Stetson Bennett Silences the Skeptics as Georgia Finally Vanquishes Alabama

The quarterback rebounded from disaster and a dominant defense did the rest as the Bulldogs, at last, won the elusive big one.

Stetson Bennett is a pretty good passer and athlete with moxie, but compared to the rest of the starters for Georgia and Alabama, he looks like something a toddler might cling to as she sleeps. Most quarterbacks get sacked; Bennett gets flung. But most quarterbacks don’t win national championships for their home-state team, and Bennett just did.

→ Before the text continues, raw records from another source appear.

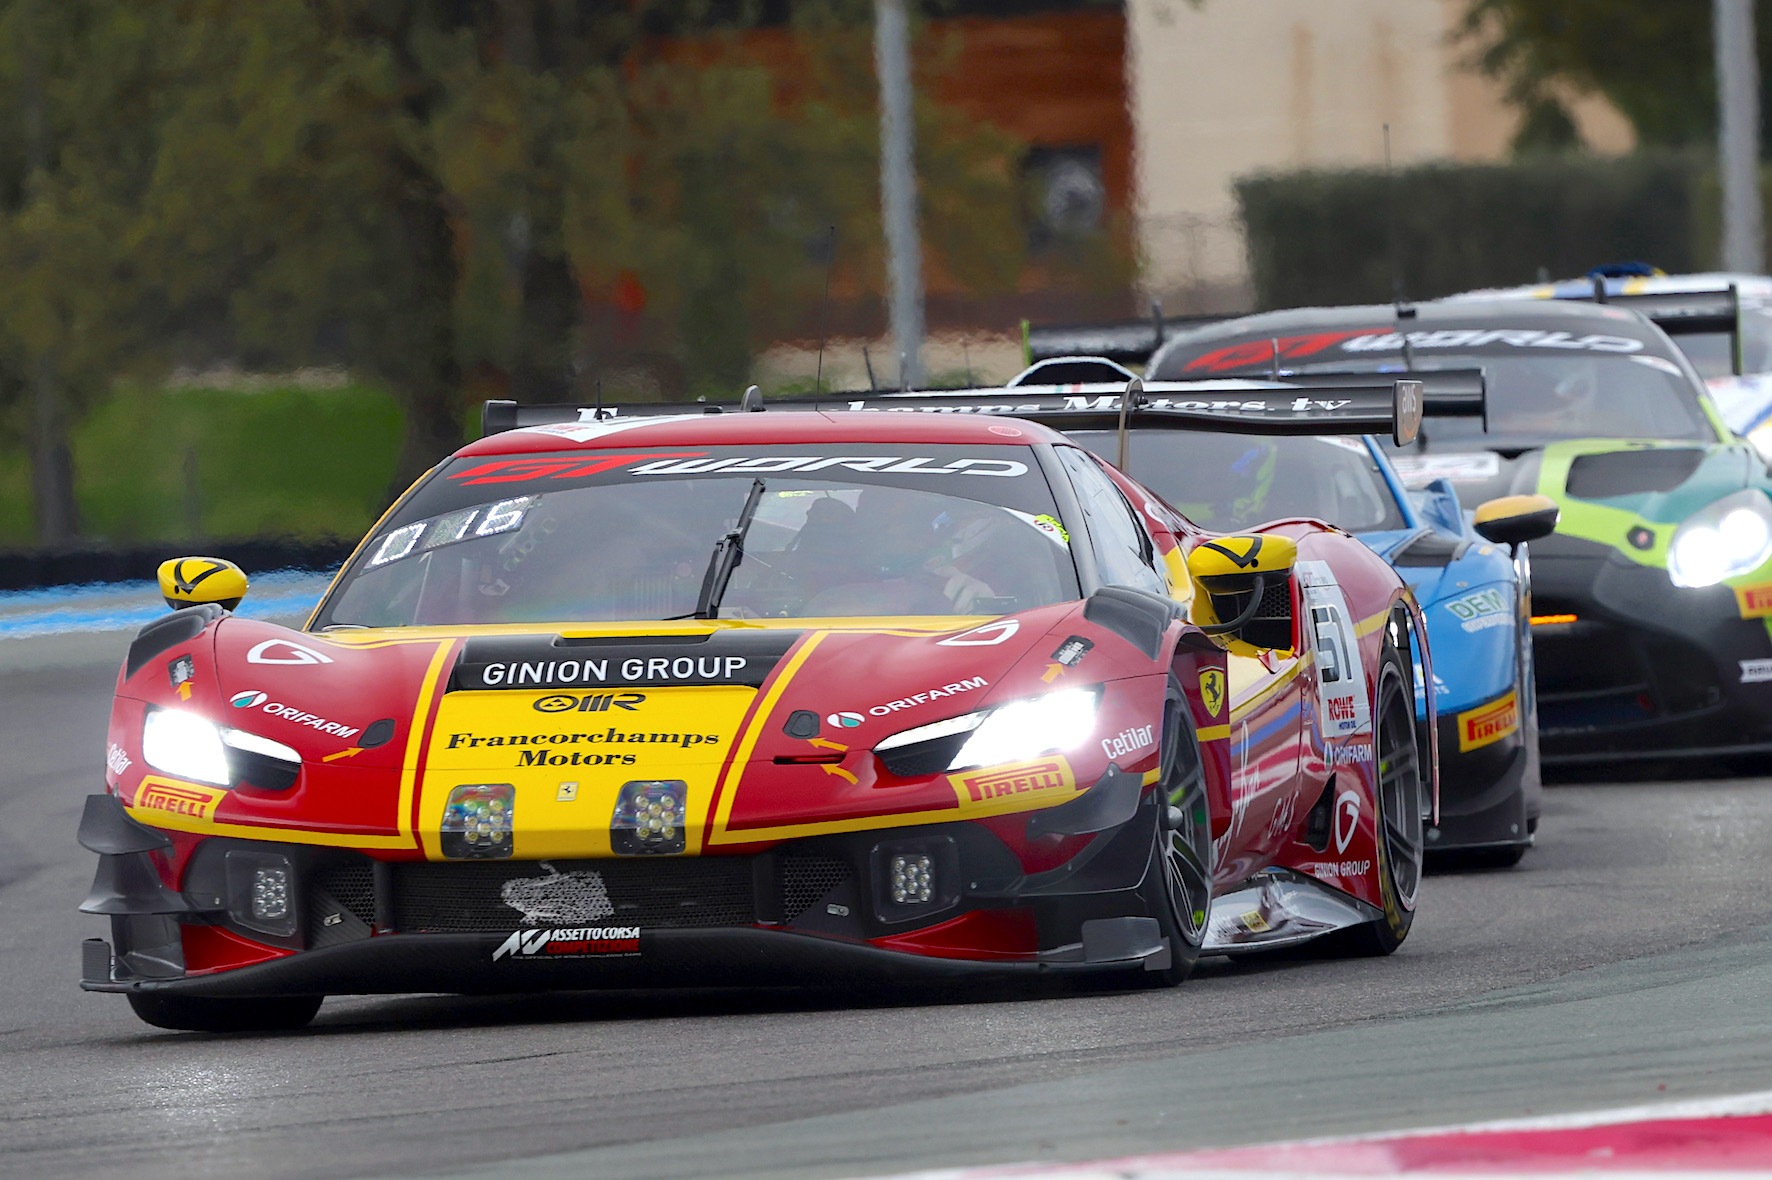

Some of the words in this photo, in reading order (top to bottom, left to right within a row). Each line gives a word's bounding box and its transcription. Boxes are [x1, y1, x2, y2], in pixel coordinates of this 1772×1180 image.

[626, 456, 1029, 477] WORLD
[482, 659, 608, 686] GINION
[620, 655, 747, 681] GROUP
[869, 676, 989, 717] ORIFARM
[1328, 696, 1355, 721] ROWE
[262, 702, 360, 739] ORIFARM
[445, 728, 720, 750] Francorchamps
[1101, 723, 1153, 759] Cetilar
[515, 750, 636, 767] Motors
[1334, 744, 1372, 766] ORIFARM
[963, 763, 1065, 802] PIRELLI
[140, 783, 213, 819] PIRELLI
[1314, 862, 1340, 878] GINION
[1340, 859, 1371, 878] GROUP
[546, 938, 641, 954] COMPETIZIONE
[550, 928, 601, 942] ASSETTO
[602, 927, 641, 940] CORSA

Georgia did it, finally, but finally is all that matters. The Bulldogs won their first national title since 1980, and while there were long stretches of uncertainty in their 33–18 victory over Alabama, by the end it was obvious that Georgia was the most worthy team. Alabama coach Nick Saban said it himself: Georgia was the most consistent team all season.

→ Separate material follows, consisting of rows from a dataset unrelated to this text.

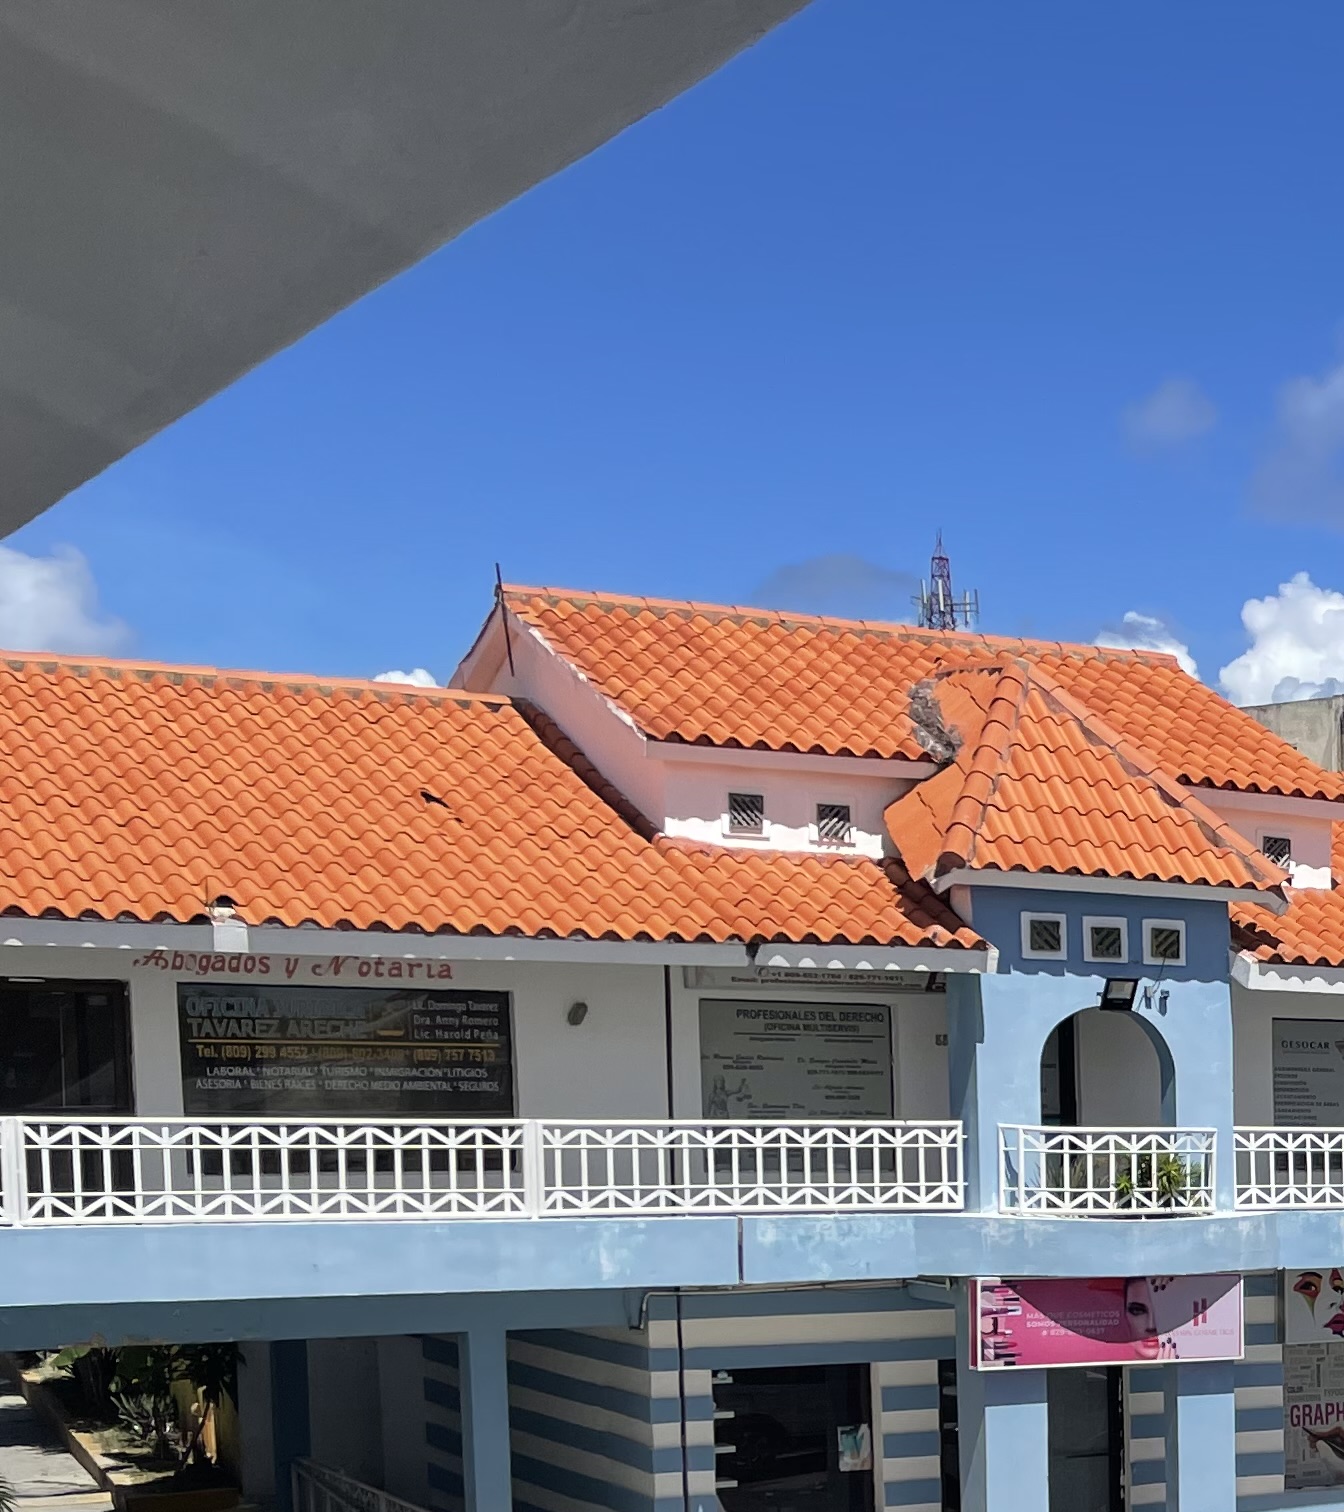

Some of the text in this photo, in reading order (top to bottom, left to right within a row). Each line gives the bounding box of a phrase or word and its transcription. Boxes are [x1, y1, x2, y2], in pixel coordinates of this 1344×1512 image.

[285, 957, 299, 979] y
[186, 997, 268, 1018] OFICINA
[736, 1009, 885, 1023] PROFESIONALES DEL DERECHO
[187, 1018, 281, 1039] TAVAREZ
[1281, 1040, 1330, 1050] GESOCAR
[206, 1066, 255, 1077] LABORAL

“T​hey deserve it,” Saban said. “They played great all year.”

Kirby Smart lifts his arms after Georgia's title
Smart finally beat Saban, his old boss :: Darron Cummings/AP

This was the vision Kirby Smart brought to Athens when he took over his alma mater in 2016. He would blend everything he learned under Saban at Alabama with everything he believed Georgia should be.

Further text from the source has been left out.